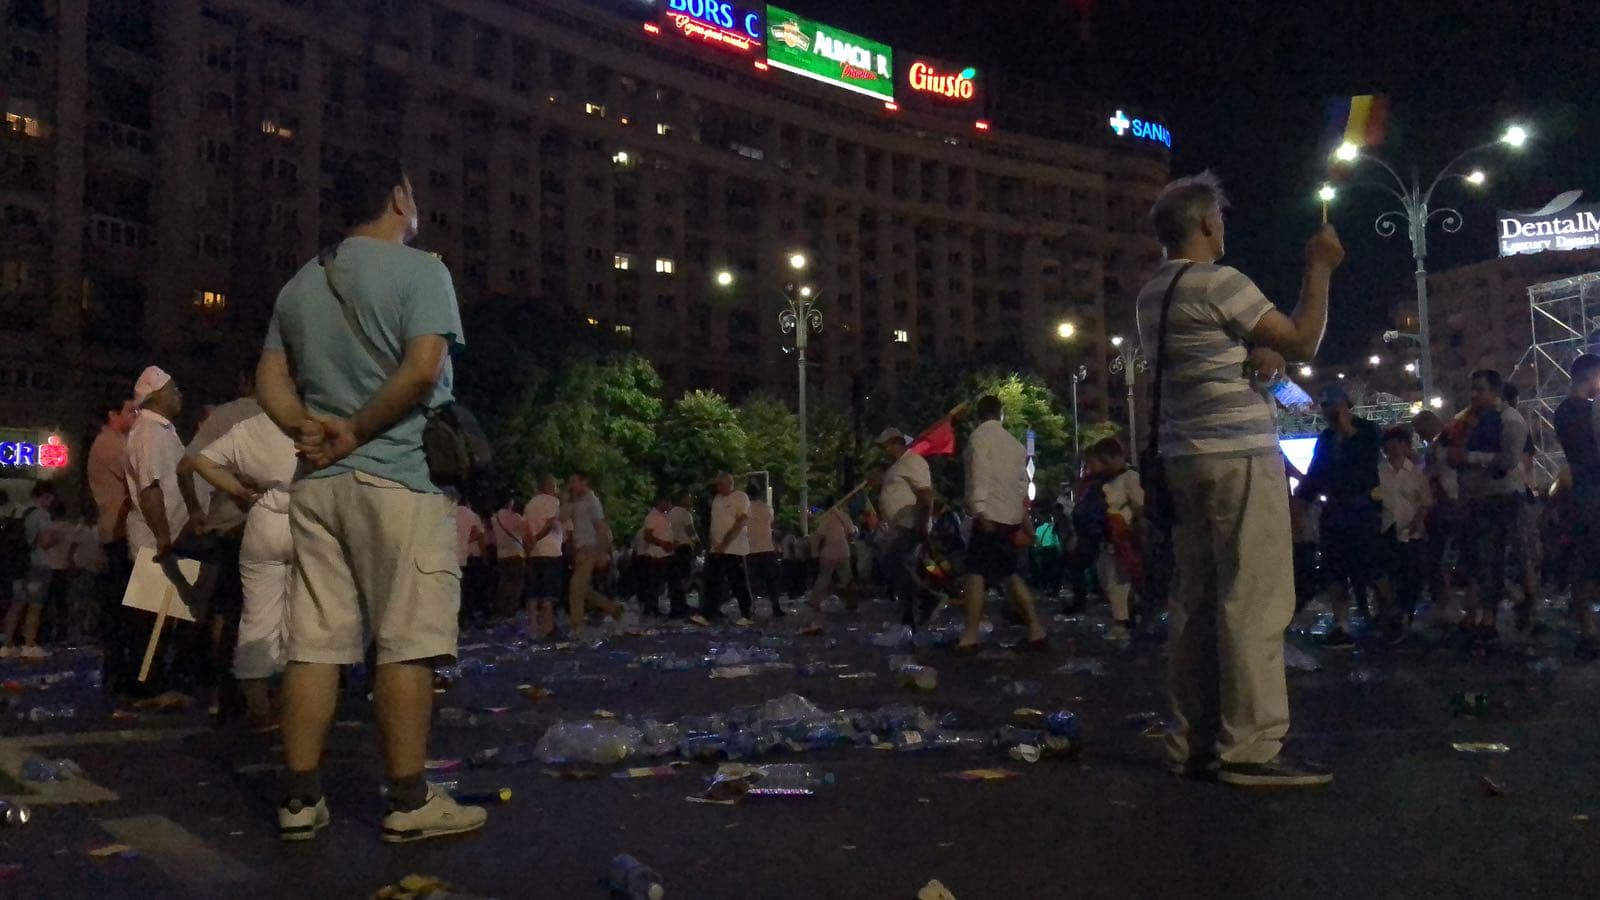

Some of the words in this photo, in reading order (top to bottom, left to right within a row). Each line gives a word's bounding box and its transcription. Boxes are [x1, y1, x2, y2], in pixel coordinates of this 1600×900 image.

[669, 0, 759, 38] ORSC
[909, 62, 974, 98] Giusto
[0, 441, 35, 466] CR
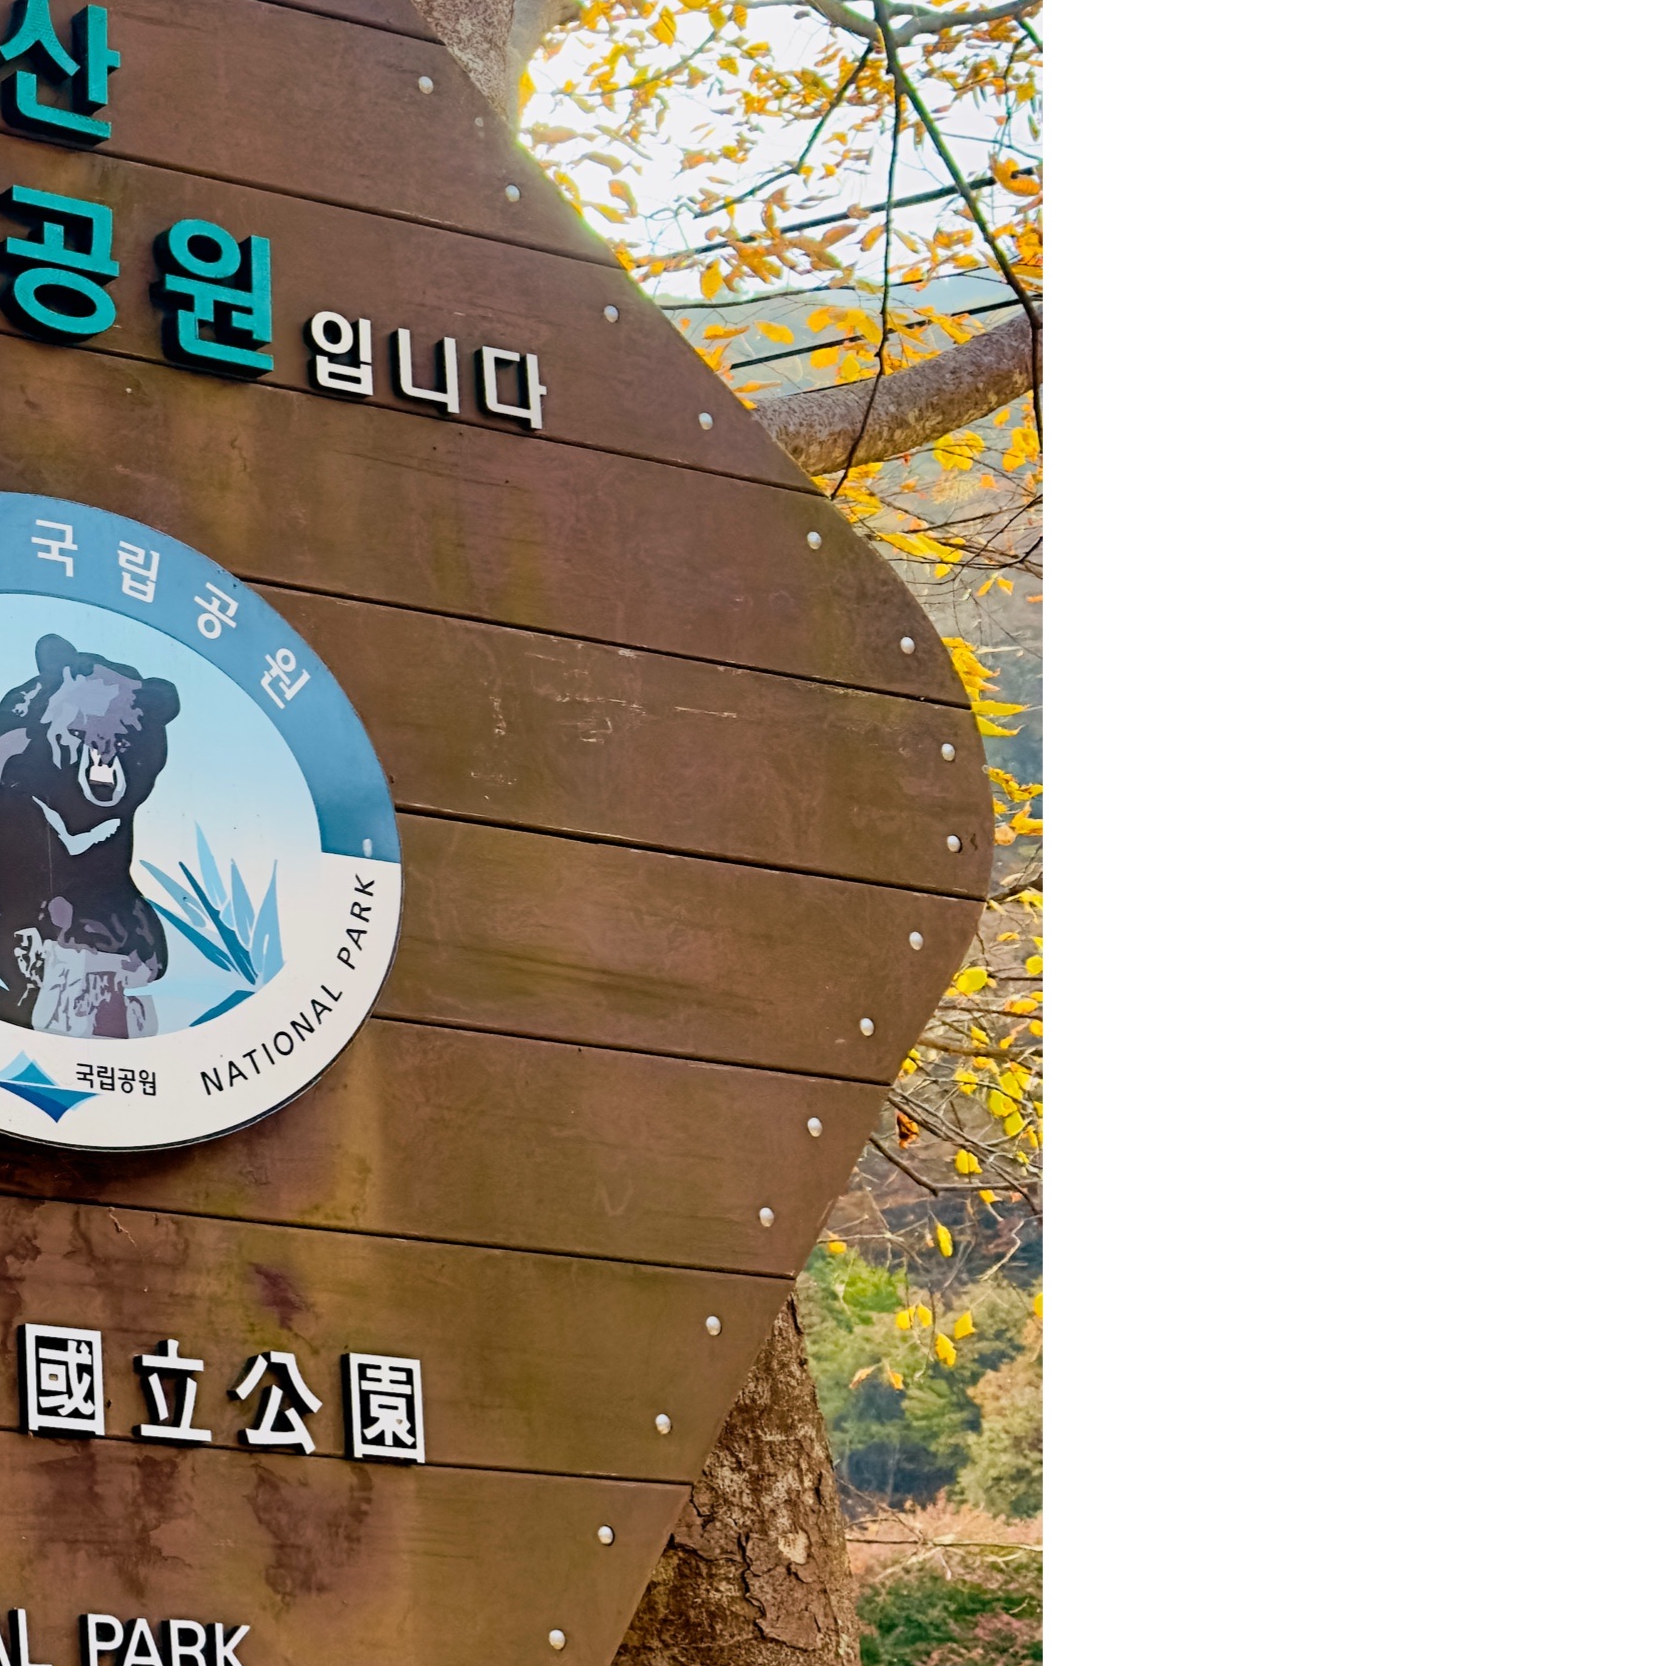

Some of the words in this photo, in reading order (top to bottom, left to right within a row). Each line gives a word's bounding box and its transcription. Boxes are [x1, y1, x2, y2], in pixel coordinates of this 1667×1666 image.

☆ ☆ ☆

Task »
Reproduce each record from above exactly; pictures do not belong in the copy.

Output for this exercise »
Some of the words in this photo, in reading order (top to bottom, left to right within a row). Each line gives a word's bounding box and its transcription. Boxes are [x1, y1, x2, y2], in pixel coordinates of this 1600×900 image.

[669, 0, 759, 38] ORSC
[909, 62, 974, 98] Giusto
[0, 441, 35, 466] CR

Some of the words in this photo, in reading order (top to bottom, left to right within a row). Each line gives a word's bounding box and its transcription. Boxes are [x1, y1, x2, y2], in pixel coordinates of this 1667×1666 image.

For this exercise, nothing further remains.